О Европейской конституции (ее нелегитимности): "Поэтому, с правовой точки зрения, мы имеем не Конституцию, а прямо противоположное — договор между правительствами: международное право, а не конституционное право." "Нет, она легальная, но нелегитимная. Легальность — это возможность осуществлять власть по некоторым правилам, тогда как легитимность — основание принятия самих этих правил."

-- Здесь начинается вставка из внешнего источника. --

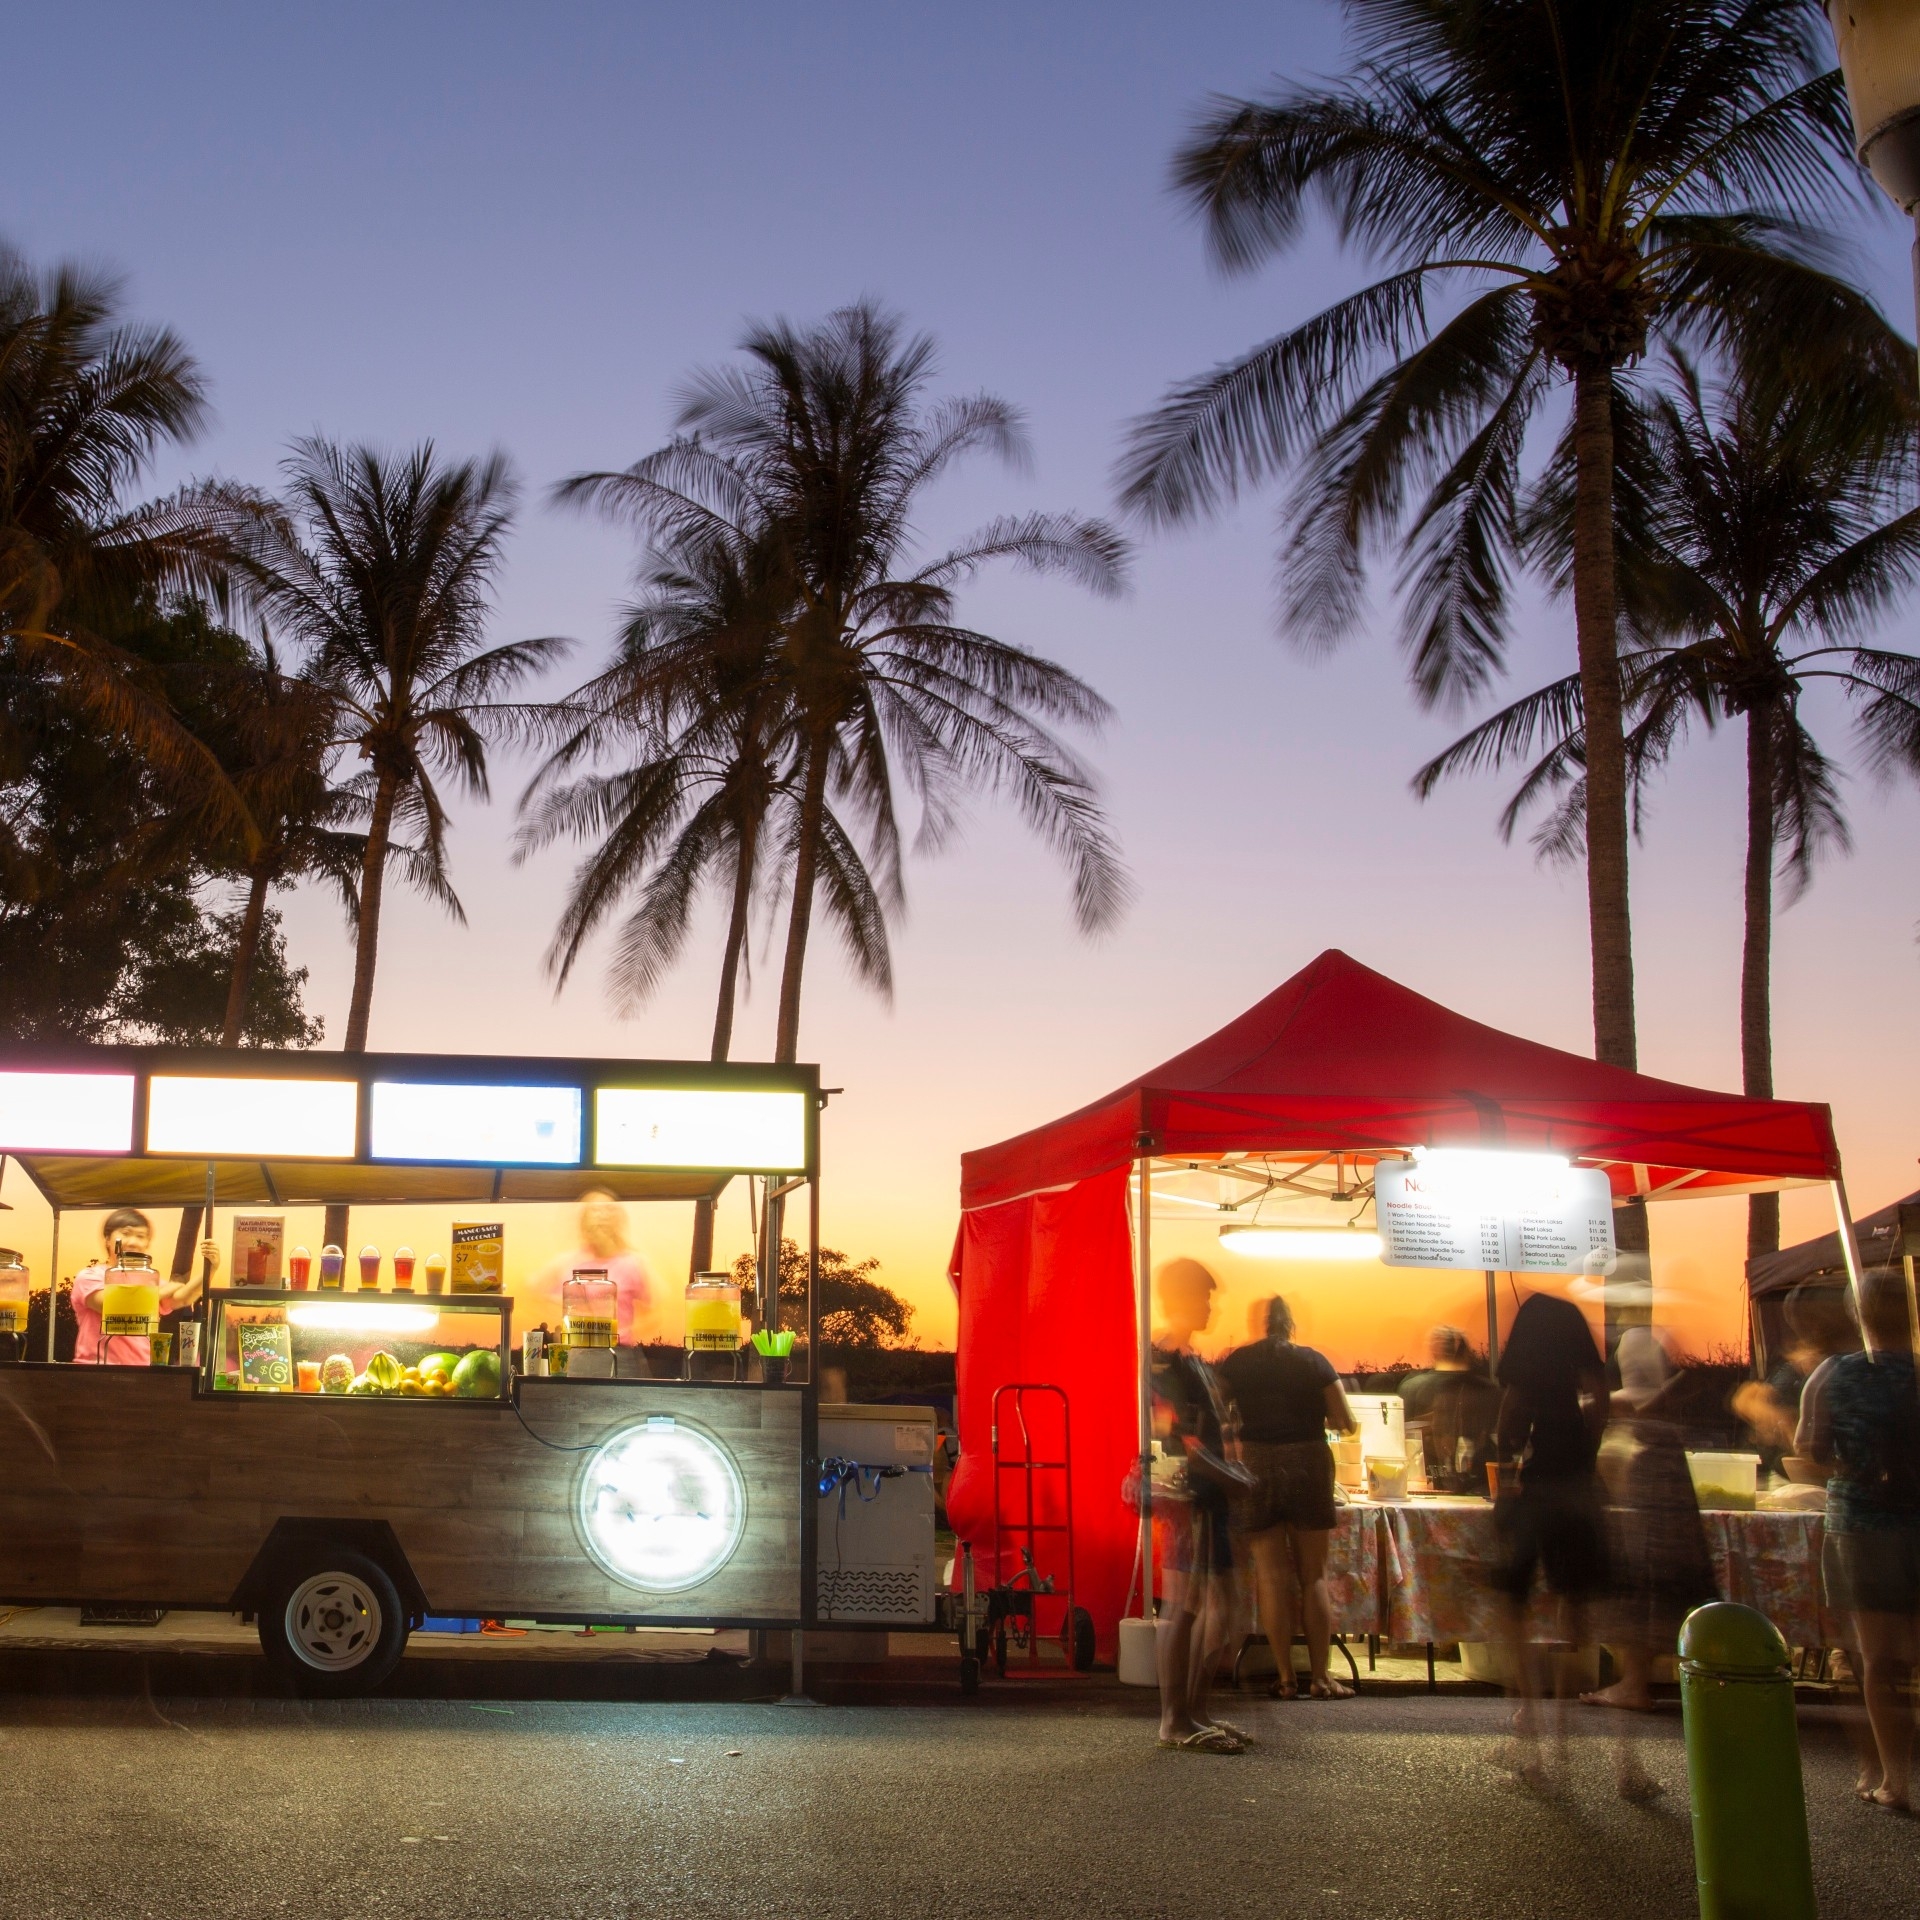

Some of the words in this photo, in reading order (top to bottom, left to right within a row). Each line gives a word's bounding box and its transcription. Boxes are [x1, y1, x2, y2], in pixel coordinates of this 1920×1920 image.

И о кризисе дельно: "— Можно ли сказать, что кризис, затронувший все стороны нашей жизни, и становится теперь выражением нашей повседневности? — Понятие «кризис» стало девизом политики эпохи современности, и долгое время кризис считался частью нормального положения дел в любом сегменте социальной жизни. Само это слово имеет два смысловых источника: медицинский, что обозначает ход болезни, и богословский, с указанием на Страшный Суд. Оба названных значения греч. слова «кризис» в наши дни подверглись трансформации: исчезла отсылка к факту времени. В античной медицине «кризисом» называли момент суда, когда врач вдруг говорил, выживет больной или умрет. Нынешнее понимание кризиса, напротив, имеет в виду длящееся состояние. Такая неопределенность оказывается спроецирована в неразличимое будущее. Мы совпадаем здесь с богословским смыслом: Страшный Суд неотделим от конца времен. Но в наши дни Суд отделен от Развязки (Resolution), поэтому его можно бесконечно откладывать. Поэтому и перспектива решения все больше сужается, решение все время собираются принять, но не принимают. — Означает ли это, что долговой кризис, кризис государственных финансов, валюты или самого Евросоюза никогда не кончится? — В наши дни кризис стал инструментом управления. Он служит легитимации политических и экономических решений, которые делают граждан неимущими, лишая их всякой возможности принимать решения. В Италии это очевидно. Правительство было сформировано под знаком кризиса, и Берлускони вернулся к власти, хотя это было против воли избирателей. Такое правительство столь же нелегитимно, как и так называемая Европейская Конституция. Граждане Европы должны усвоить, что этот бесконечный кризис — точно так же, как и чрезвычайное положение — несовместим с демократией."